= Beginning of Section =

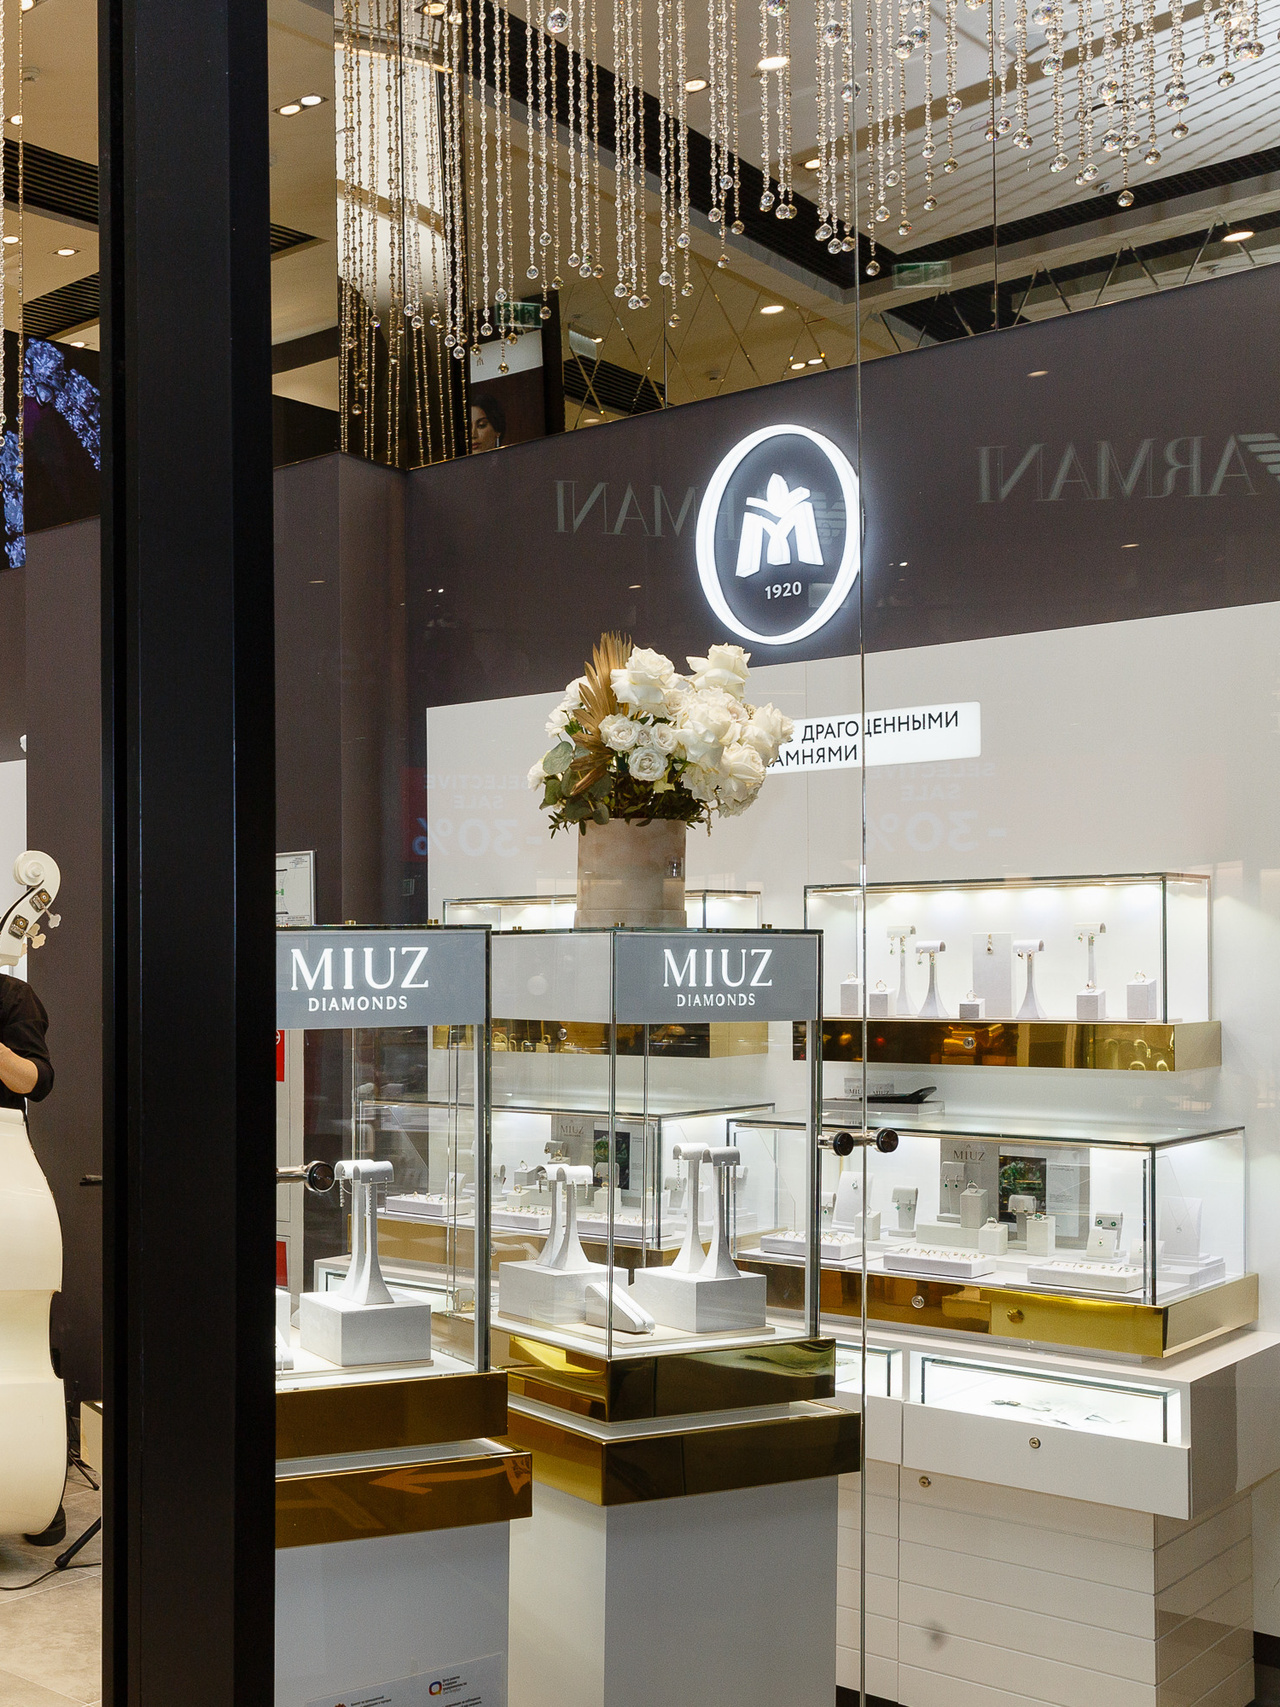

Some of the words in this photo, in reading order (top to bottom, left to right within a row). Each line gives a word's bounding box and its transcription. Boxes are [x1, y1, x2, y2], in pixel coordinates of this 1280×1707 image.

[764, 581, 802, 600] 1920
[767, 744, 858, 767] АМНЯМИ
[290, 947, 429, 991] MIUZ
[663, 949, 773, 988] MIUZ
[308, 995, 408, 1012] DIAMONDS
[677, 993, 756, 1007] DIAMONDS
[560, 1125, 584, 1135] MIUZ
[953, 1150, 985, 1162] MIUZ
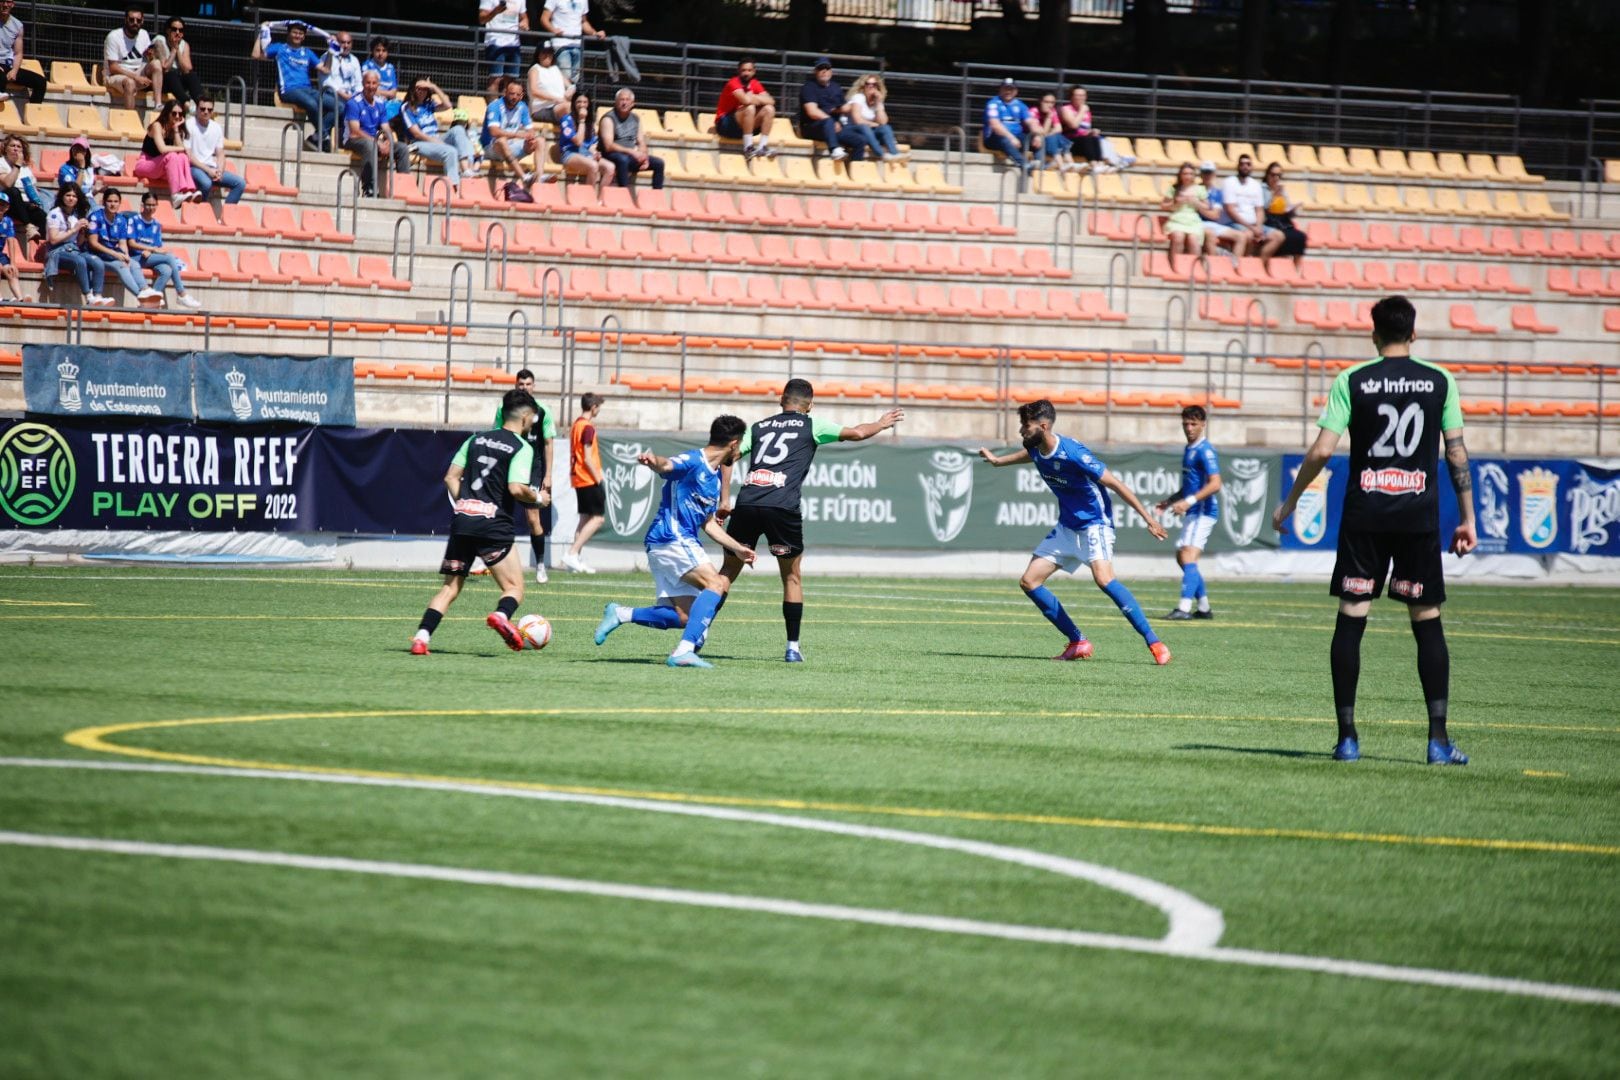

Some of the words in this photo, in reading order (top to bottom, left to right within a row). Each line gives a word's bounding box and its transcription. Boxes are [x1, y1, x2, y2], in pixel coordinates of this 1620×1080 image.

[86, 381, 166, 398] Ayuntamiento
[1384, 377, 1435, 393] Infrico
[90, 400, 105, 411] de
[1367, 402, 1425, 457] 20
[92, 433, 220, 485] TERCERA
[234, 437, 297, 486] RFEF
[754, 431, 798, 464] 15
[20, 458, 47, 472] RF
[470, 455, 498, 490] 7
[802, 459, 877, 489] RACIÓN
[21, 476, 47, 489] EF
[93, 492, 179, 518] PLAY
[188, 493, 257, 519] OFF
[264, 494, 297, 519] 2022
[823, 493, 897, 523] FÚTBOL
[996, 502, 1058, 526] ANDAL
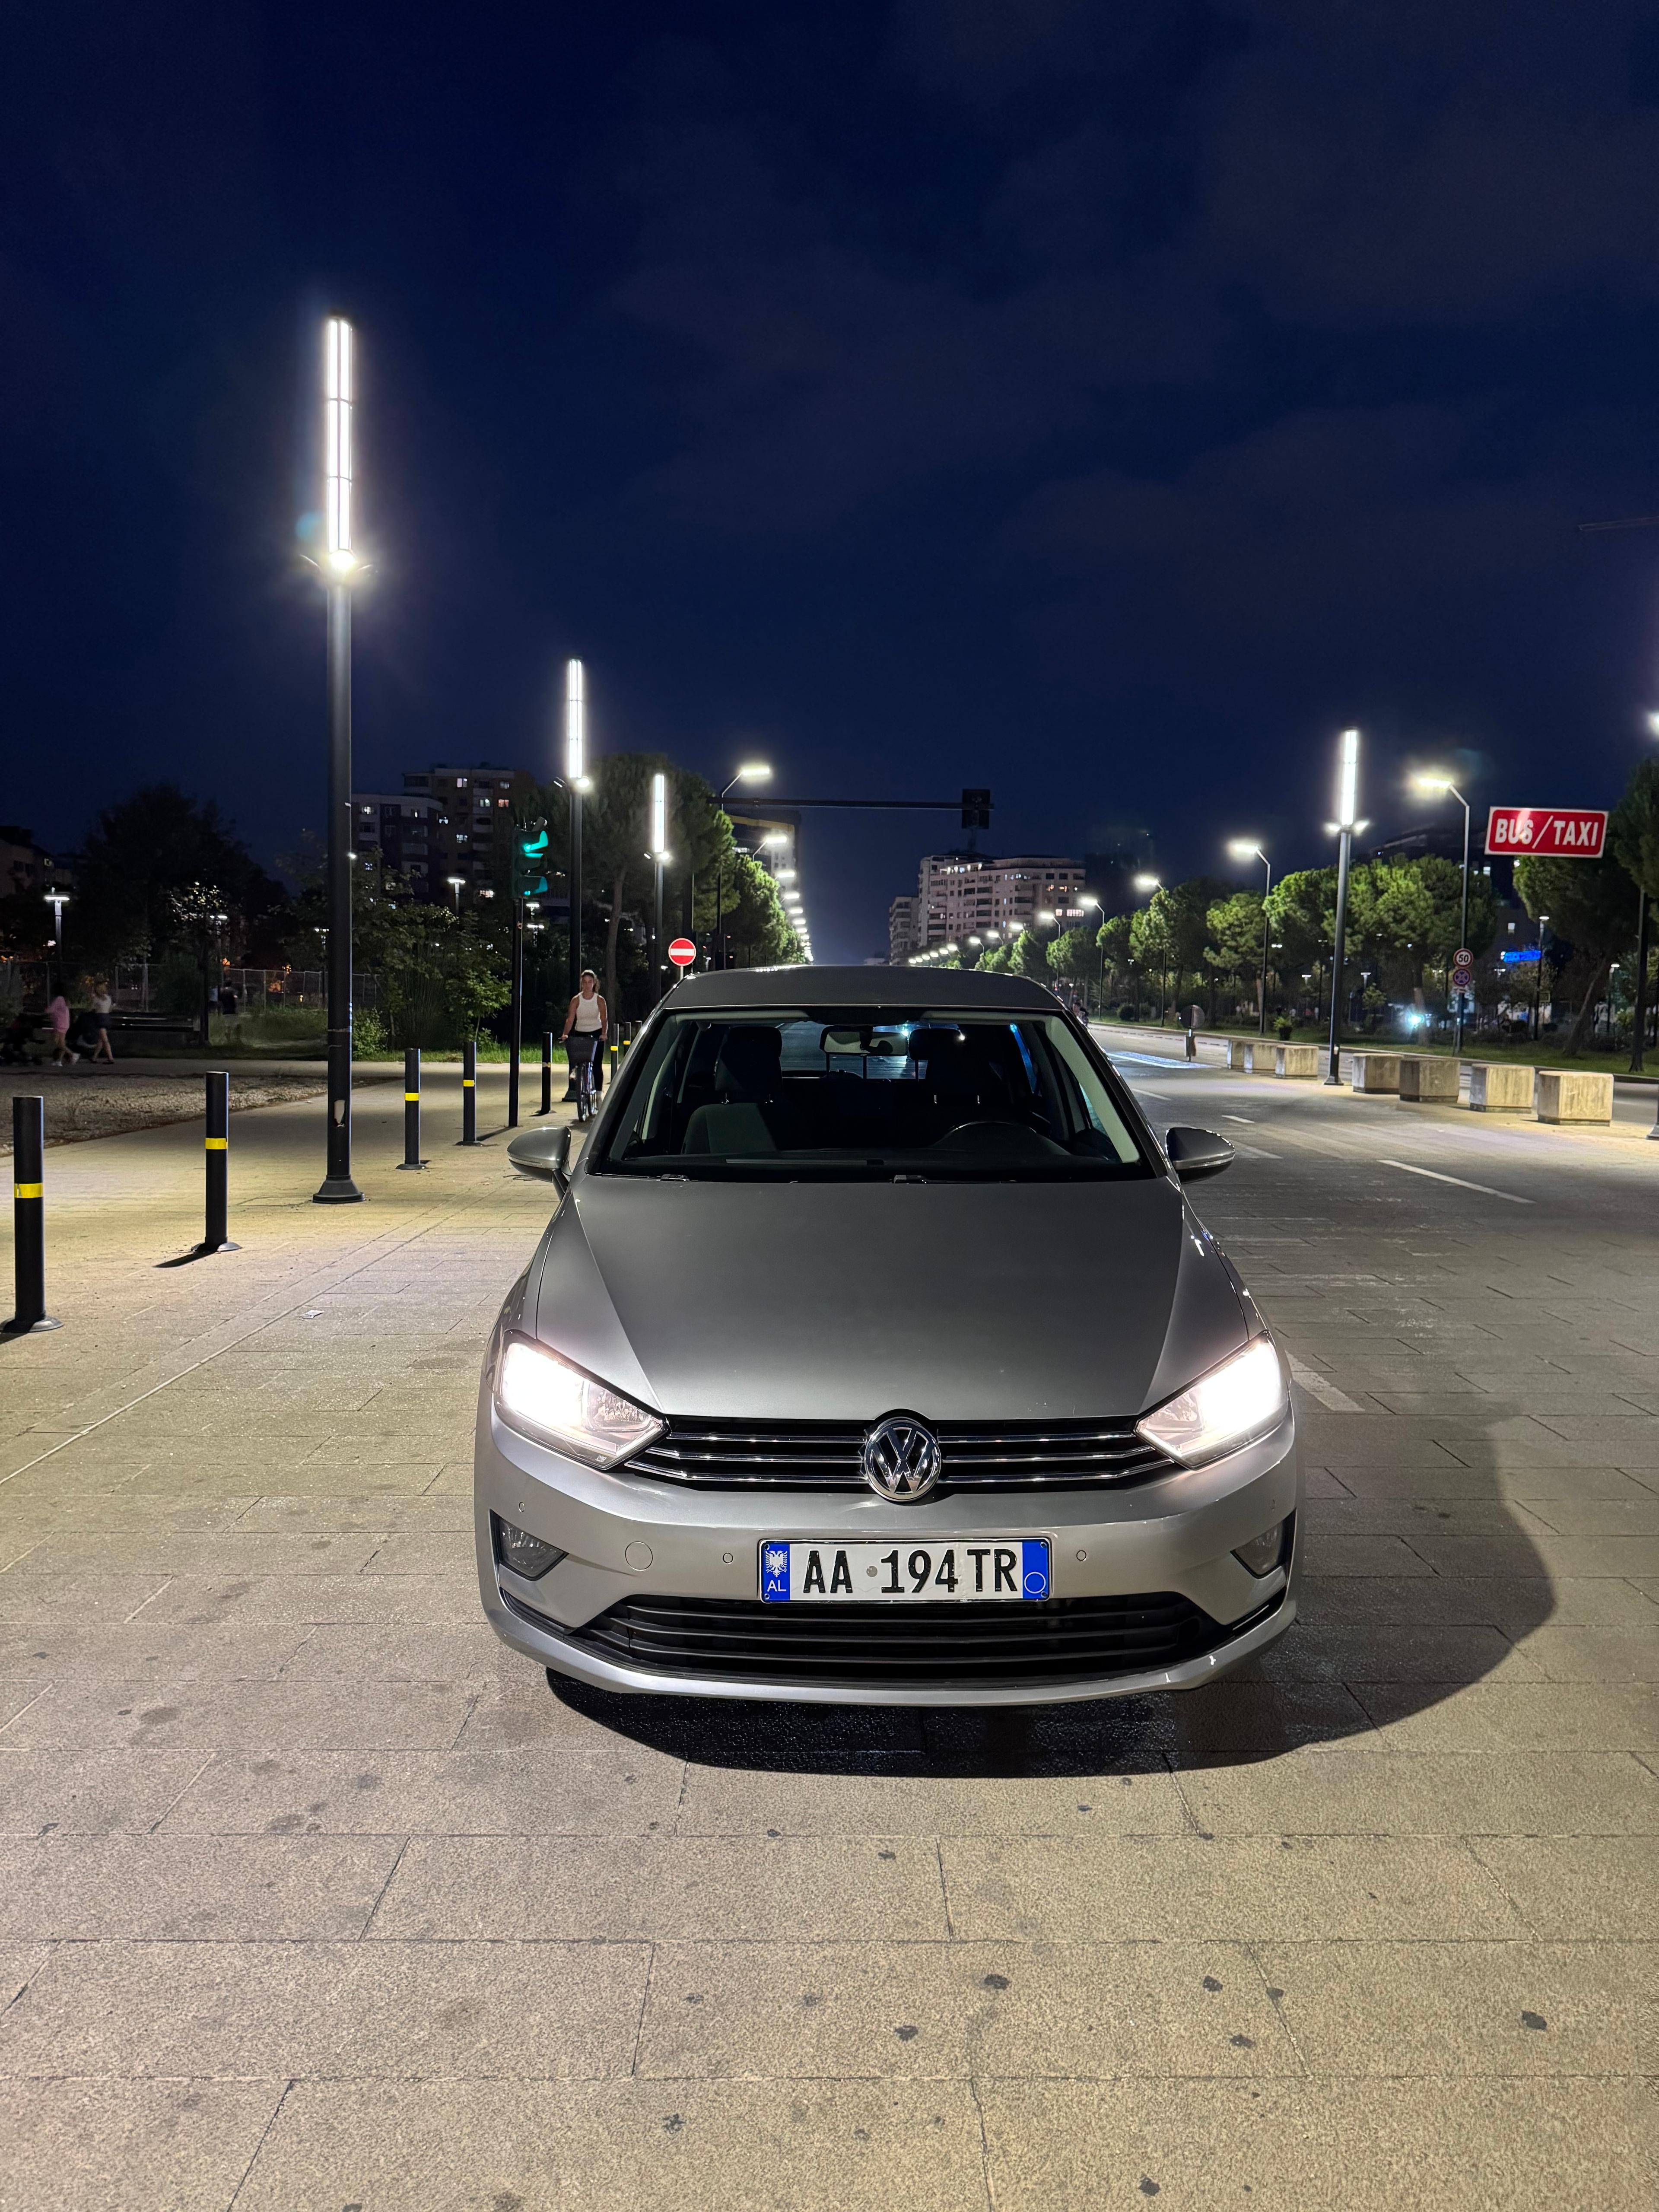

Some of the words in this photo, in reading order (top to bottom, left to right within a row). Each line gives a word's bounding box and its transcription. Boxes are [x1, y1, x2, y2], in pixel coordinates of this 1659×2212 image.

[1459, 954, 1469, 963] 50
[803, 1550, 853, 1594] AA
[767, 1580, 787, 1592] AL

= End of Section =

### What is expected
Retype the records above exactly. Leave the pictures out.

### Solution
Some of the words in this photo, in reading order (top to bottom, left to right within a row). Each line gives a word's bounding box and its transcription. Boxes are [x1, y1, x2, y2], in pixel coordinates of this 1280×1707 image.

[764, 581, 802, 600] 1920
[767, 744, 858, 767] АМНЯМИ
[290, 947, 429, 991] MIUZ
[663, 949, 773, 988] MIUZ
[308, 995, 408, 1012] DIAMONDS
[677, 993, 756, 1007] DIAMONDS
[560, 1125, 584, 1135] MIUZ
[953, 1150, 985, 1162] MIUZ

Some of the words in this photo, in reading order (top to bottom, left to right within a row). Each line gives a word's bounding box and its transcription. Boxes are [x1, y1, x2, y2], in pixel coordinates of this 1620×1080 image.

[86, 381, 166, 398] Ayuntamiento
[1384, 377, 1435, 393] Infrico
[90, 400, 105, 411] de
[1367, 402, 1425, 457] 20
[92, 433, 220, 485] TERCERA
[234, 437, 297, 486] RFEF
[754, 431, 798, 464] 15
[20, 458, 47, 472] RF
[470, 455, 498, 490] 7
[802, 459, 877, 489] RACIÓN
[21, 476, 47, 489] EF
[93, 492, 179, 518] PLAY
[188, 493, 257, 519] OFF
[264, 494, 297, 519] 2022
[823, 493, 897, 523] FÚTBOL
[996, 502, 1058, 526] ANDAL

Some of the words in this photo, in reading order (top to bottom, left to right within a row). Each line gives a word's bounding box and its transcription. Boxes are [x1, y1, x2, y2], in pixel coordinates of this 1659×2212 image.

[1459, 954, 1469, 963] 50
[803, 1550, 853, 1594] AA
[767, 1580, 787, 1592] AL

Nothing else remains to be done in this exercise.